X4 Pharmaceuticals is making strides in expanding the availability of mavorixafor, a potential treatment for WHIM syndrome, in Europe. The European Medicines Agency (EMA) has validated the Marketing Authorization Application (MAA) for mavorixafor, marking a significant step toward potential approval in the European Union.
Mavorixafor, a selective CXCR4 receptor antagonist, has already received approval in the United States under the brand name XOLREMDI. It is used as an oral, once-daily treatment for patients 12 years and older with WHIM syndrome, a rare primary immunodeficiency. The drug aims to increase the number of circulating mature neutrophils and lymphocytes in affected individuals.
The MAA submission is supported by positive results from the global, pivotal Phase 3 4WHIM clinical trial. The trial met its primary endpoint and a key secondary endpoint, demonstrating that mavorixafor was generally well-tolerated. There were no treatment-related serious adverse events reported, and no discontinuations due to safety concerns. The study also showed that once-daily oral mavorixafor led to reductions in the rate, severity, and duration of infections in participants with WHIM syndrome.
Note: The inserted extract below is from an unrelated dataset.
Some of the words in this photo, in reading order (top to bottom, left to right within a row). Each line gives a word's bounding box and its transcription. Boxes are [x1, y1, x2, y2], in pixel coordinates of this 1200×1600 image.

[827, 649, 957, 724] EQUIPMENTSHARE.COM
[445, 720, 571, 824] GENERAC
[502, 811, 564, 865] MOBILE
Commercialization Strategy
To facilitate the commercialization of mavorixafor in Europe, Australia, and New Zealand, X4 Pharmaceuticals has entered into an exclusive licensing and supply agreement with Norgine, a European specialist pharmaceutical company. Under the terms of the agreement, X4 will receive an upfront payment of €28.5 million and is eligible for up to €226 million in potential regulatory and commercial milestone payments, in addition to tiered, double-digit royalties up to the mid-twenties on future net sales in the licensed territories.
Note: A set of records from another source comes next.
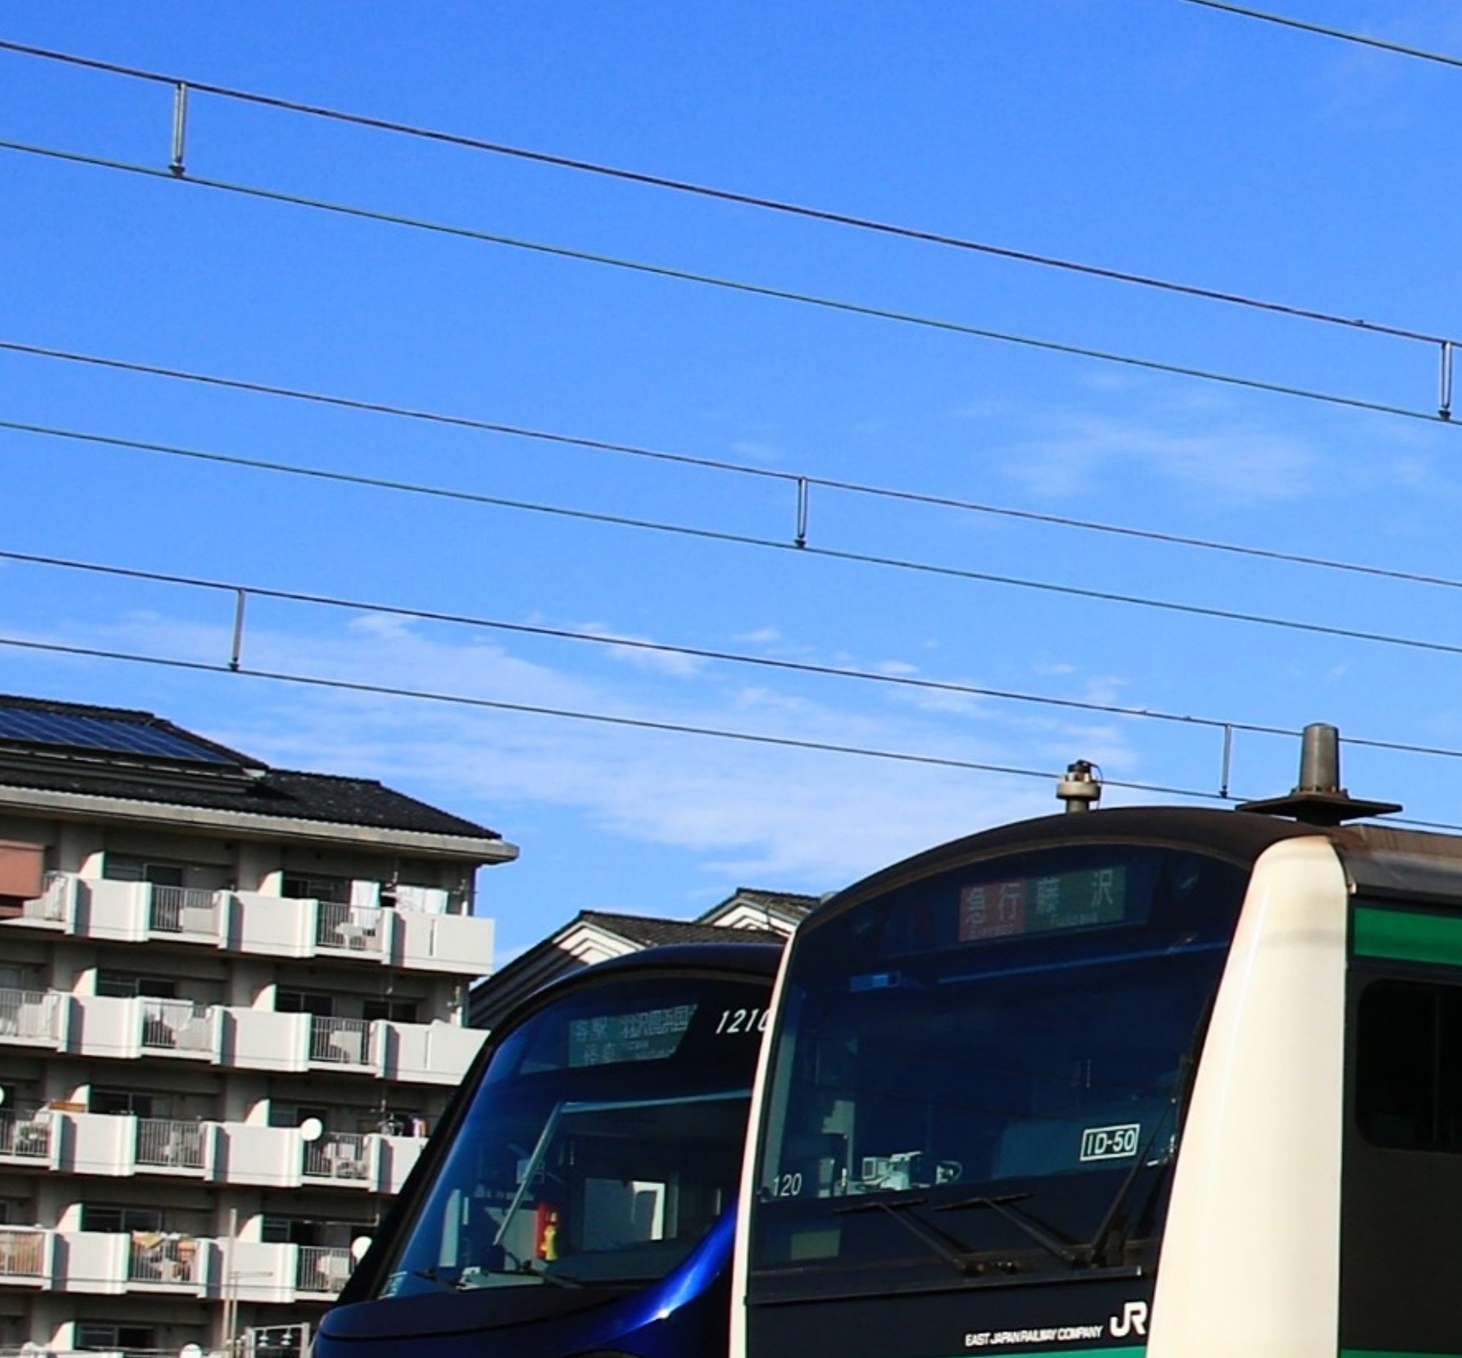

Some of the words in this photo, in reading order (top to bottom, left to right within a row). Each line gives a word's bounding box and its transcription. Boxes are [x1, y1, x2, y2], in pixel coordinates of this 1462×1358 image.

[1087, 1128, 1136, 1155] ID-50
[773, 1172, 803, 1197] 120
[965, 1333, 991, 1347] EAST
[990, 1330, 1021, 1345] JAPAN
[1056, 1325, 1105, 1341] COMPANY
[1109, 1301, 1148, 1338] JR
Paula Ragan, Ph.D., President and Chief Executive Officer of X4 Pharmaceuticals, stated, "Making mavorixafor available to those in the European Union living with WHIM syndrome is a top priority for X4, and this submission demonstrates our continued ability to deliver on our key milestones and generate growth."
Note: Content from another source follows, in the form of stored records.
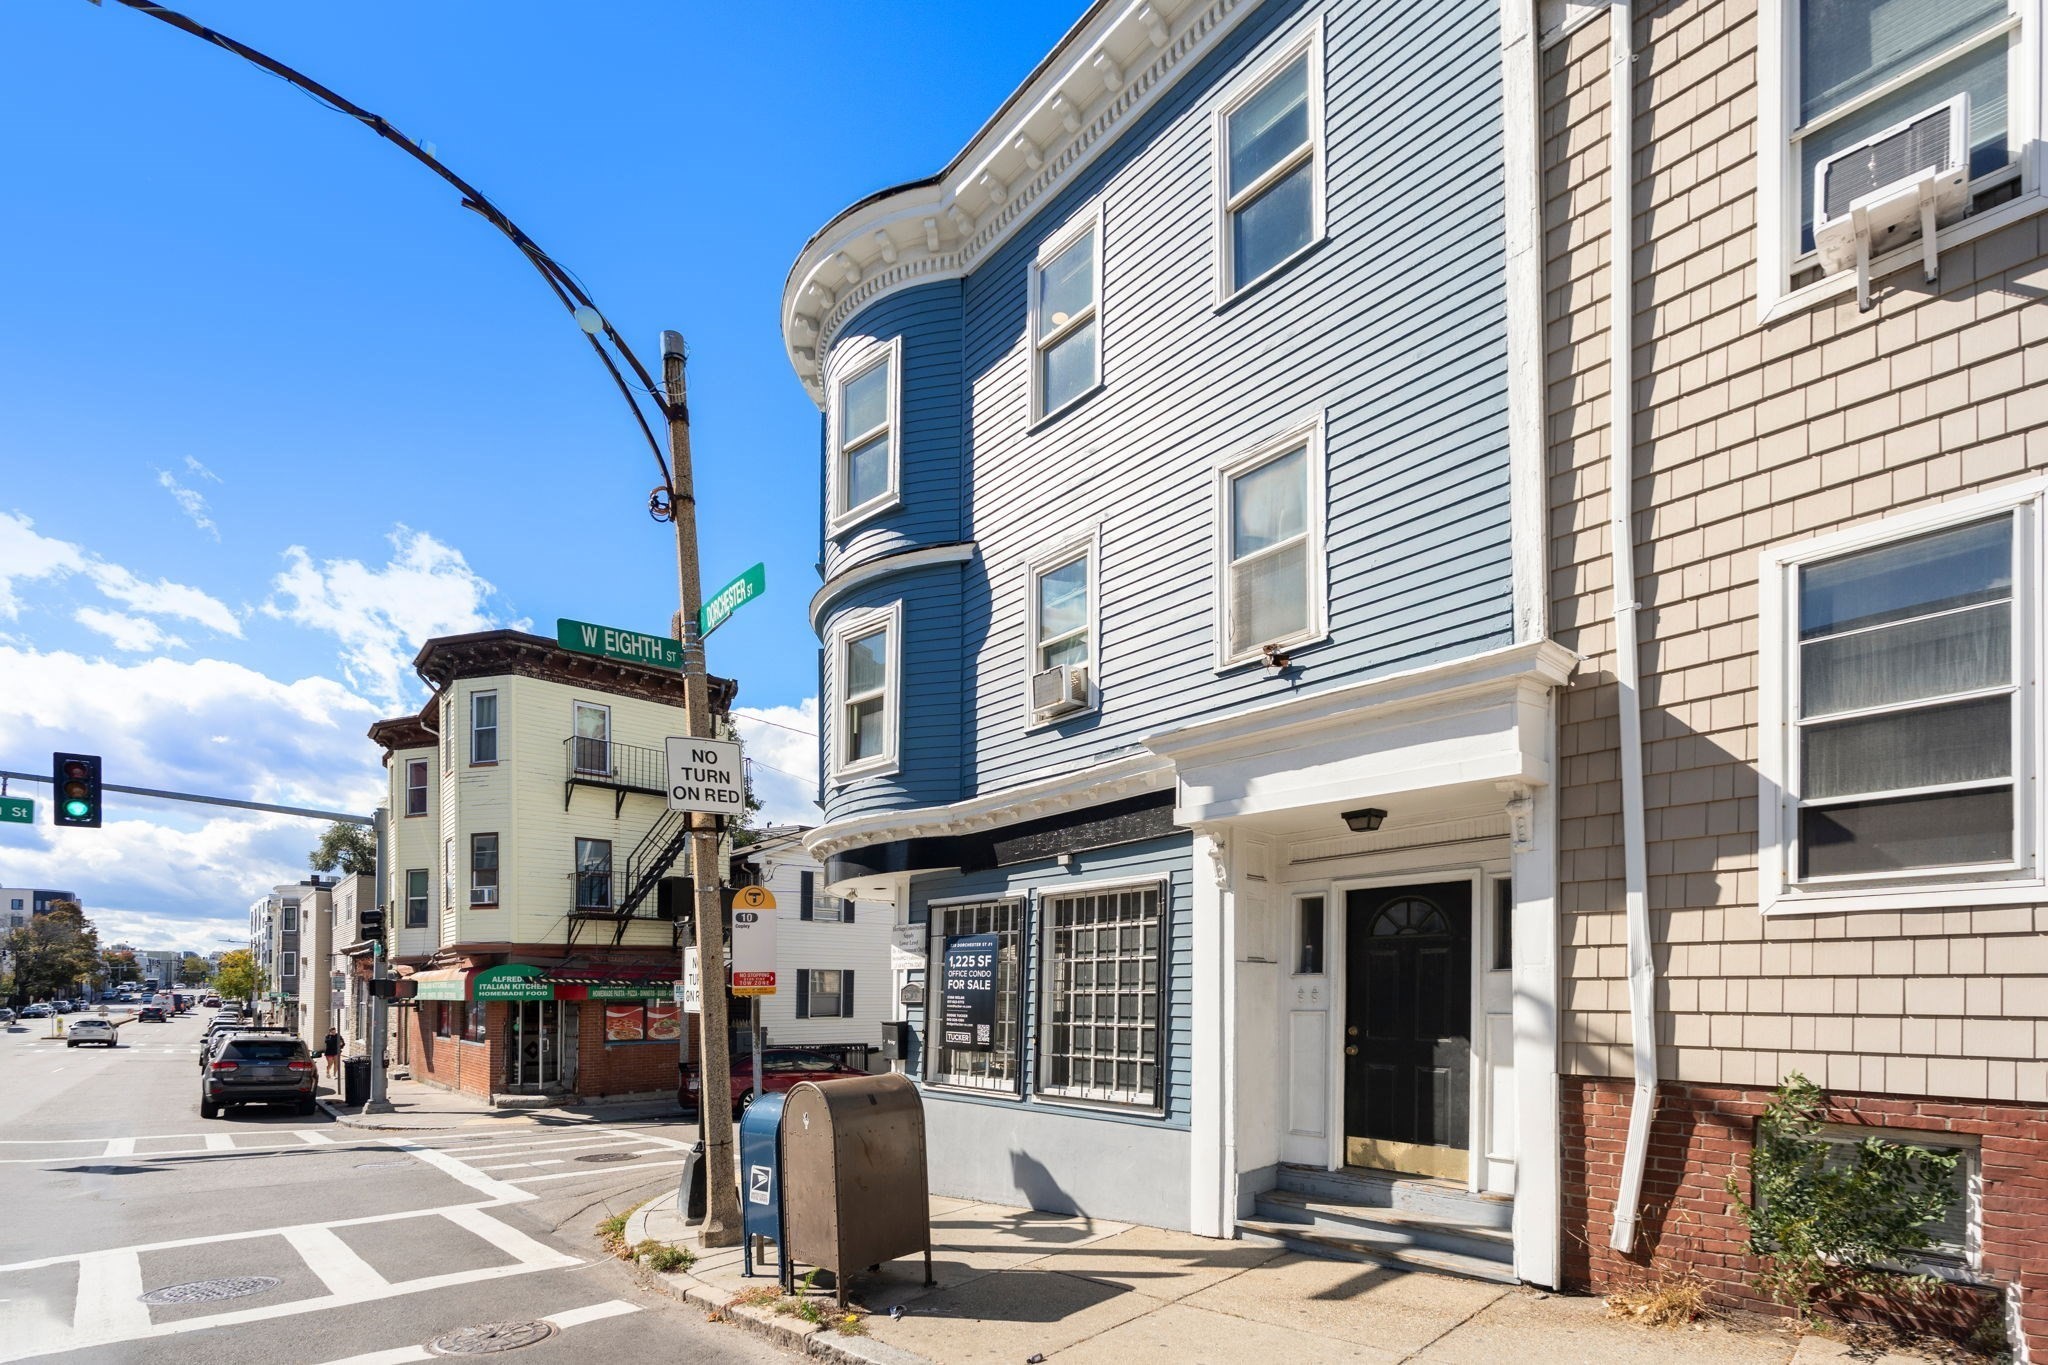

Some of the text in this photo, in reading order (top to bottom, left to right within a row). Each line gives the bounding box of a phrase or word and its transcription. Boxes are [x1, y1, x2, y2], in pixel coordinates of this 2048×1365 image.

[706, 579, 753, 627] DORCHESTER ST
[582, 625, 676, 662] W EIGHTH ST
[692, 749, 718, 764] NO
[681, 767, 730, 785] TURN
[673, 786, 740, 804] ON RED
[12, 807, 28, 817] St
[949, 955, 992, 969] 1,225 SF
[948, 980, 991, 990] FOR SALE
[948, 1033, 969, 1041] TUCKER
Janneke van der Kamp, Chief Executive Officer of Norgine, commented, "We are very pleased to partner with X4 in this underserved, rare disease space and expand access to mavorixafor to patients in Europe, Australia, and New Zealand."
About WHIM Syndrome
WHIM syndrome, named for its four classic manifestations—warts, hypogammaglobulinemia, infections, and myelokathexis—is a rare, combined primary immunodeficiency and chronic neutropenic disorder caused by CXCR4 receptor dysfunction. This dysfunction impairs the mobilization of white blood cells from the bone marrow into peripheral circulation. People with WHIM syndrome often have low blood levels of neutrophils (neutropenia) and lymphocytes (lymphopenia), leading to serious and/or frequent infections. It is estimated that approximately 1,000 people are diagnosed with WHIM syndrome in the U.S., with another 1,000 estimated in Europe.
If approved by the EMA, mavorixafor would be the first drug indicated for patients with WHIM syndrome in Europe, addressing a significant unmet medical need for this patient population. The decision on the MAA is expected in the first half of 2026.